Ron Moon — 23 February 2015

When it comes to beach driving, it’s inevitable that sooner or later you are going to get bogged. Which means at some point you’ll need to use a snatch strap to pull someone out of a bog – it could be you, or a mate.

What is a snatch strap?

Snatch straps are such benign-looking things that few people really understand how much energy is captured by them and then released suddenly when they are being used. This often leads to disastrous situations!

A snatch strap, often referred to as a snatch-um strap, recovery strap or even a kinetic strap, is normally 8-10m in length and made of approximately 50mm-wide elastic webbing. While some brands and makes of snatch straps are longer and the occasional one is round in cross-section, all work on the same principle.

Once the strap is connected between two vehicles — one bogged, the other preparing to pull it out — and the tow vehicle takes up the slack, the snatch strap stretches by up to a third. Then, in conjunction with the effort of the tow vehicle, the strap’s stored energy is released (“kinetic energy”, to give it its proper term) and helps “snap” the bogged vehicle out of the mire. It sounds simple, which it is; it’s also extremely effective!

Beware the snatch strap!

What isn’t so well known or appreciated is the incredible amount of force being generated by the tow vehicle and the strap. Do anything wrong, have a worn strap, or a poor connection on either vehicle and you will have deadly missiles flying through the air.

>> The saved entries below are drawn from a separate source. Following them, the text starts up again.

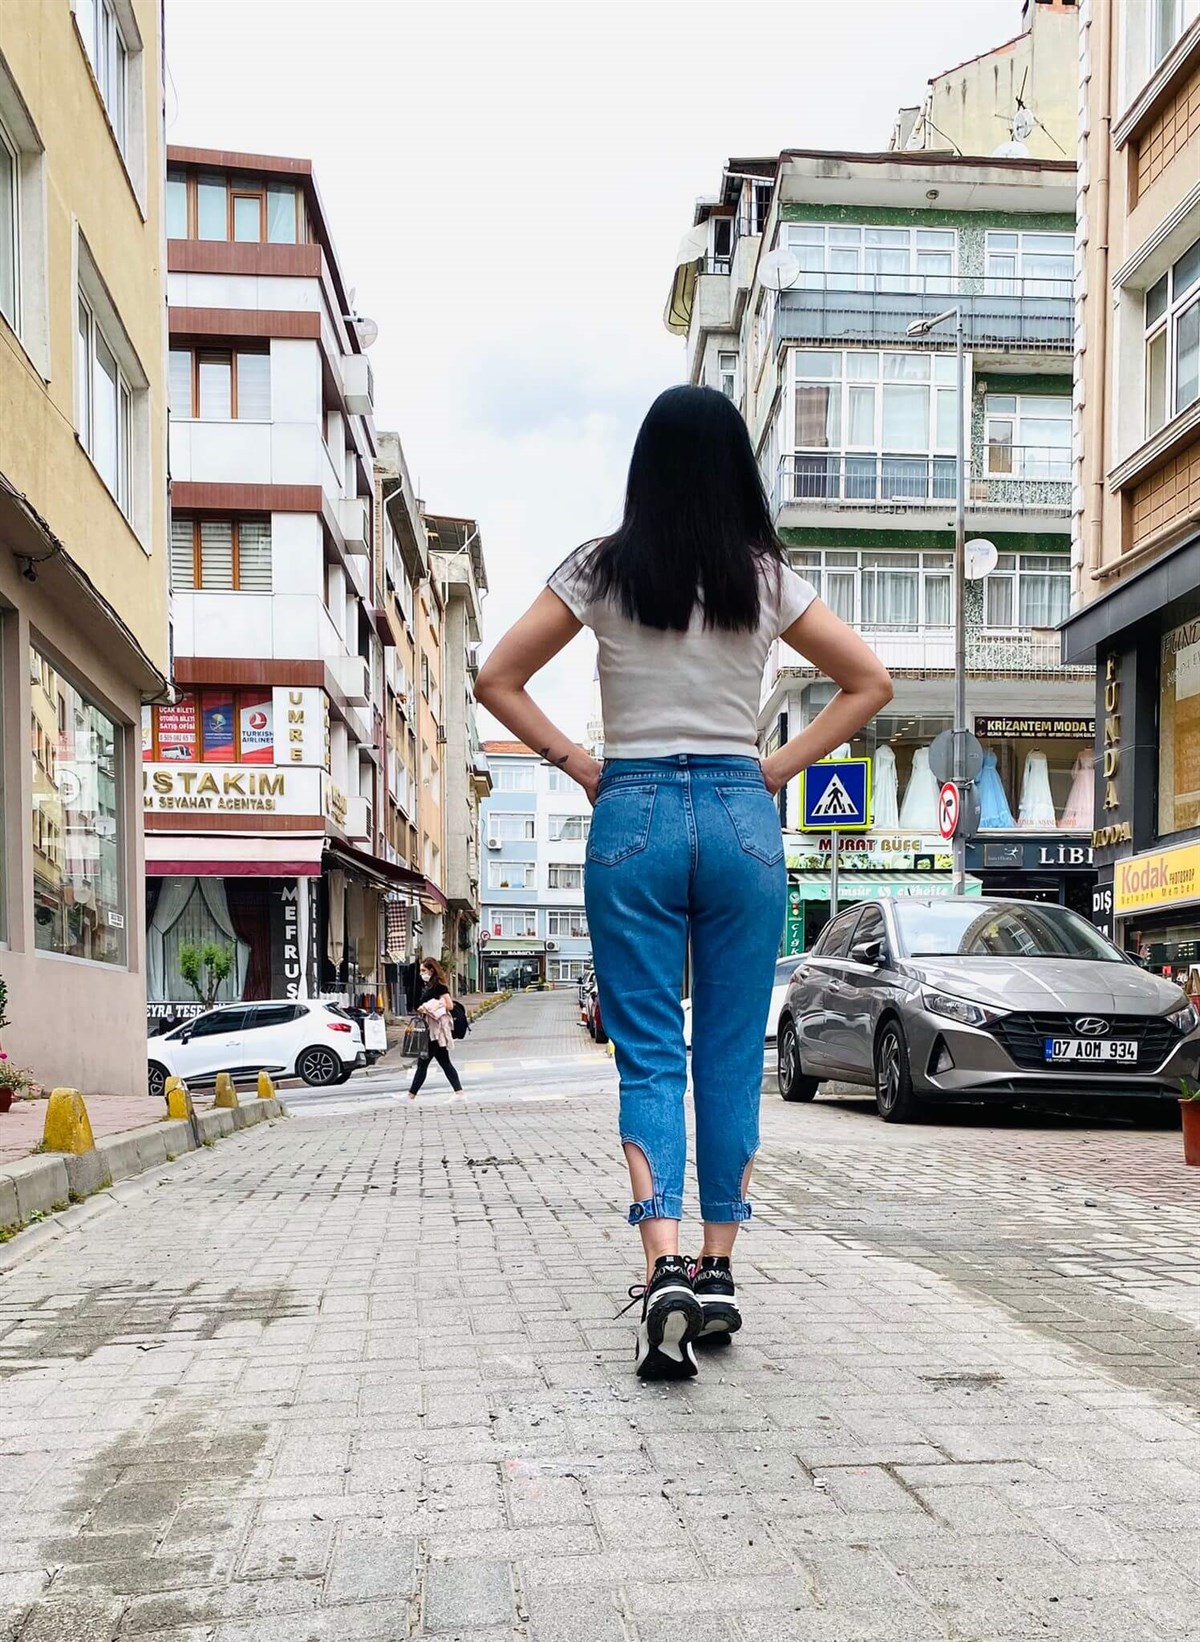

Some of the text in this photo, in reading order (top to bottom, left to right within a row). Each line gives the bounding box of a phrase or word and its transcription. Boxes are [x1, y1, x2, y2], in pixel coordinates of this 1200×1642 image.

[288, 691, 305, 761] UMRE
[987, 718, 1052, 731] KRİZANTEM
[1054, 721, 1087, 732] MODA
[1103, 656, 1122, 811] FUNDA
[159, 796, 213, 809] SEYAHAT
[818, 836, 921, 851] MURAT BÜFE
[1122, 858, 1168, 894] Kodak
[1092, 890, 1112, 915] DIŞ
[1121, 884, 1195, 905] Network Member
[175, 1004, 206, 1018] TESE
[1053, 1041, 1135, 1059] 07 AOM 934

Over the past couple of years a few people have been killed and a number maimed when a snatch strap recovery has gone wrong.

What happened in Tassie a couple of years ago is typical. A ute had got bogged on a beach and a LandCruiser was used to snatch it out. The snatch strap was dropped over the ute’s towball and connected to the front of the Cruiser. When the Cruiser tried to snatch the ute out, the towball snapped, smashing through the windscreen of the Cruiser and striking the driver in the head. The ball then passed through the vehicle and landed some 90m away.

There’s a lesson there. Never ever drop a snatch strap over a towball!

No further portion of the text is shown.